*Task goal*.
When the records are reproduced, each one must match exactly, and no picture may be kept.

══ Data

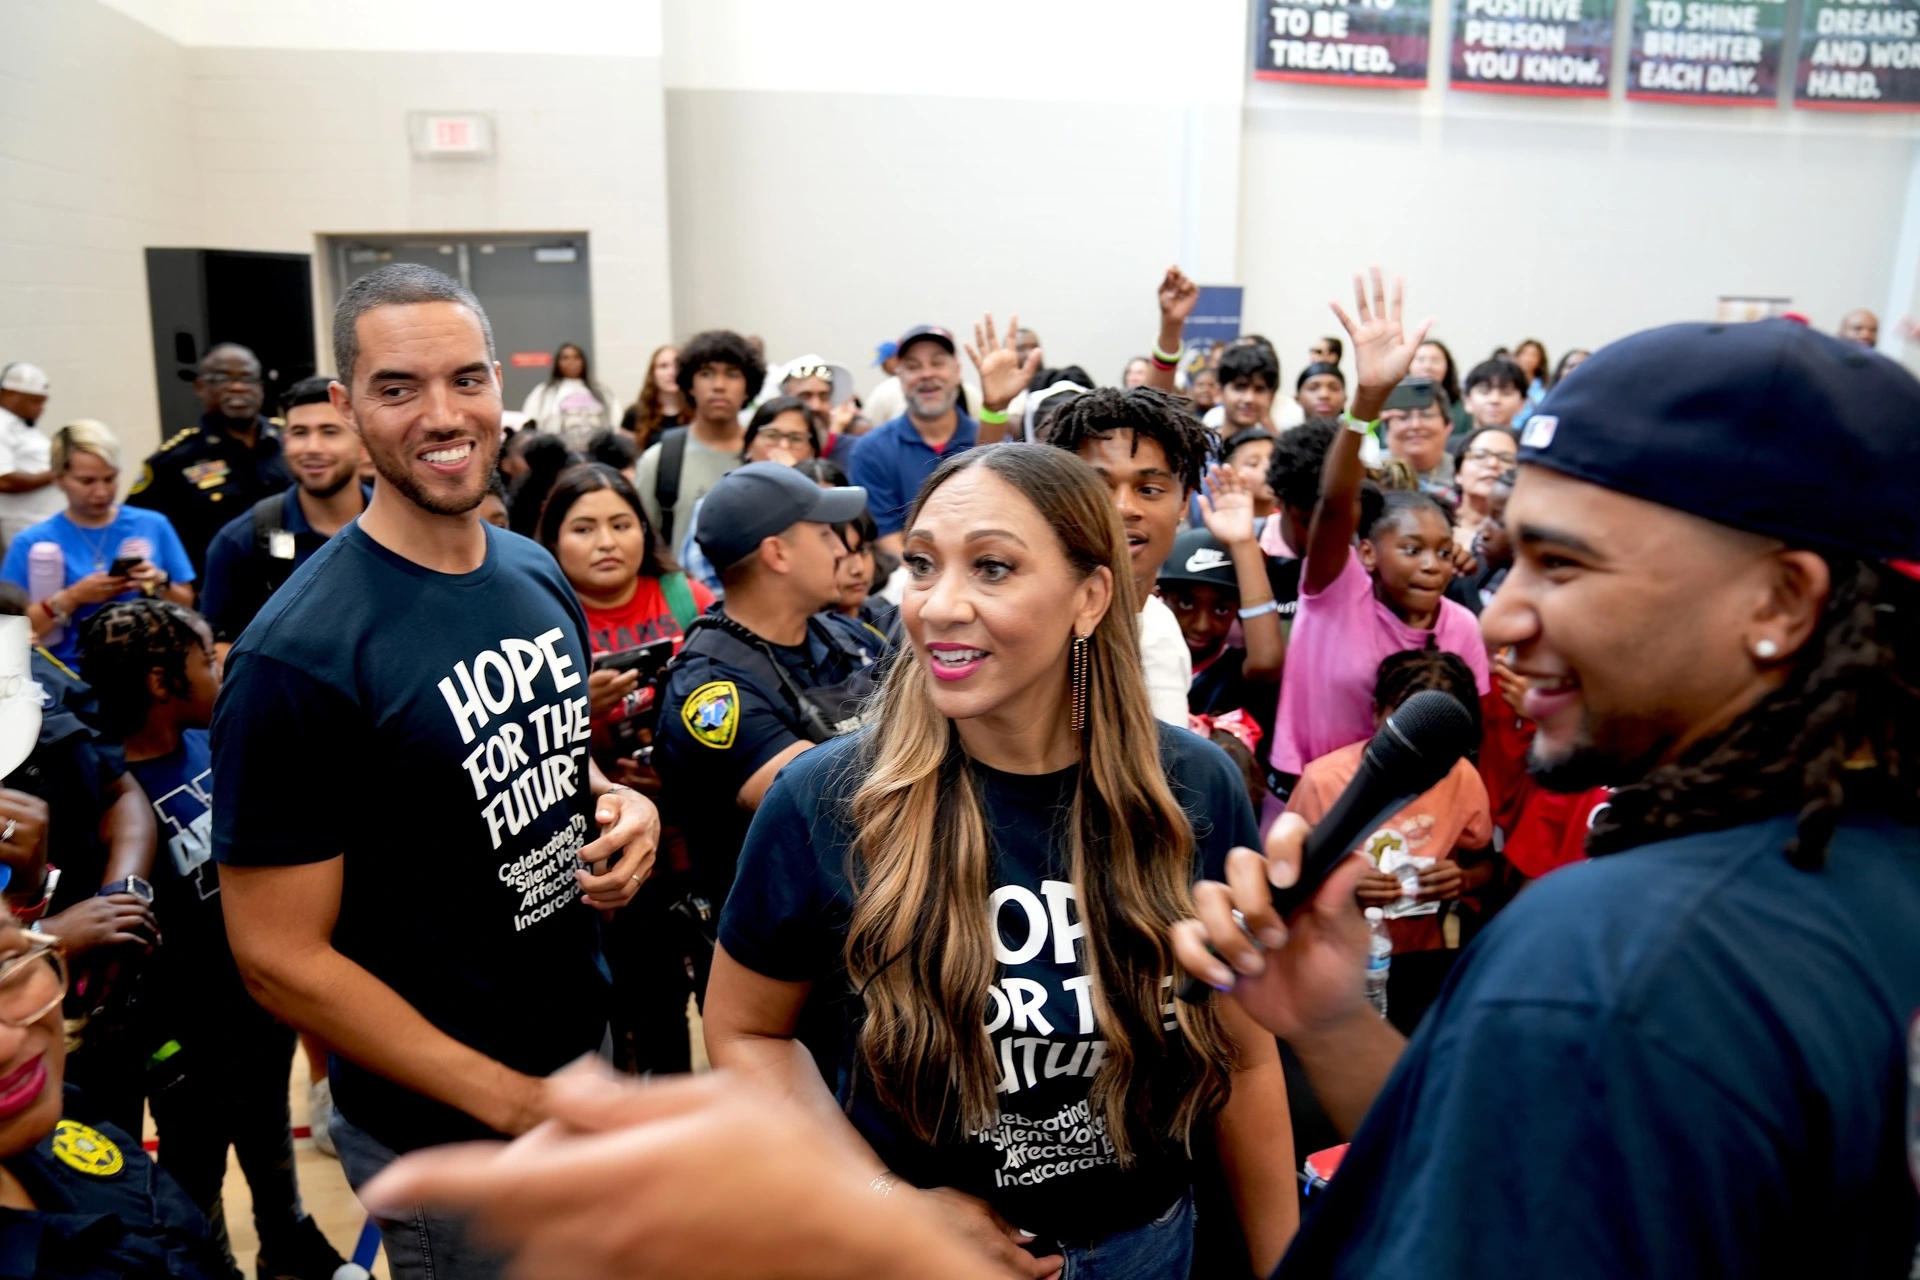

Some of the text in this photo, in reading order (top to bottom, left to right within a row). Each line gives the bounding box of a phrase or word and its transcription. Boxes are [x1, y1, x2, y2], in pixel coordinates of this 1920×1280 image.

[1271, 7, 1349, 38] TO BE
[1647, 1, 1760, 32] TO SHINE
[1817, 7, 1918, 37] DREAMS
[1464, 19, 1566, 51] PERSON
[1643, 31, 1763, 63] BRIGHTER
[1269, 39, 1396, 73] TREATED.
[1463, 50, 1604, 85] YOU KNOW.
[1811, 39, 1920, 69] AND WOR
[1639, 60, 1759, 94] EACH DAY.
[1807, 70, 1881, 99] HARD.
[437, 626, 582, 745] HOPE
[461, 722, 530, 801] FOR
[527, 695, 592, 755] THE
[498, 824, 575, 882] Celebrating
[520, 858, 580, 912] Affected
[513, 880, 582, 932] Incarcera
[986, 879, 1087, 965] OP
[983, 977, 1055, 1036] OR
[1002, 1141, 1098, 1170] Affected

════

*Task answer*.
Some of the text in this photo, in reading order (top to bottom, left to right within a row). Each line gives the bounding box of a phrase or word and its transcription. Boxes are [x1, y1, x2, y2], in pixel coordinates of this 1920×1280 image.

[1271, 7, 1349, 38] TO BE
[1647, 1, 1760, 32] TO SHINE
[1817, 7, 1918, 37] DREAMS
[1464, 19, 1566, 51] PERSON
[1643, 31, 1763, 63] BRIGHTER
[1269, 39, 1396, 73] TREATED.
[1463, 50, 1604, 85] YOU KNOW.
[1811, 39, 1920, 69] AND WOR
[1639, 60, 1759, 94] EACH DAY.
[1807, 70, 1881, 99] HARD.
[437, 626, 582, 745] HOPE
[461, 722, 530, 801] FOR
[527, 695, 592, 755] THE
[498, 824, 575, 882] Celebrating
[520, 858, 580, 912] Affected
[513, 880, 582, 932] Incarcera
[986, 879, 1087, 965] OP
[983, 977, 1055, 1036] OR
[1002, 1141, 1098, 1170] Affected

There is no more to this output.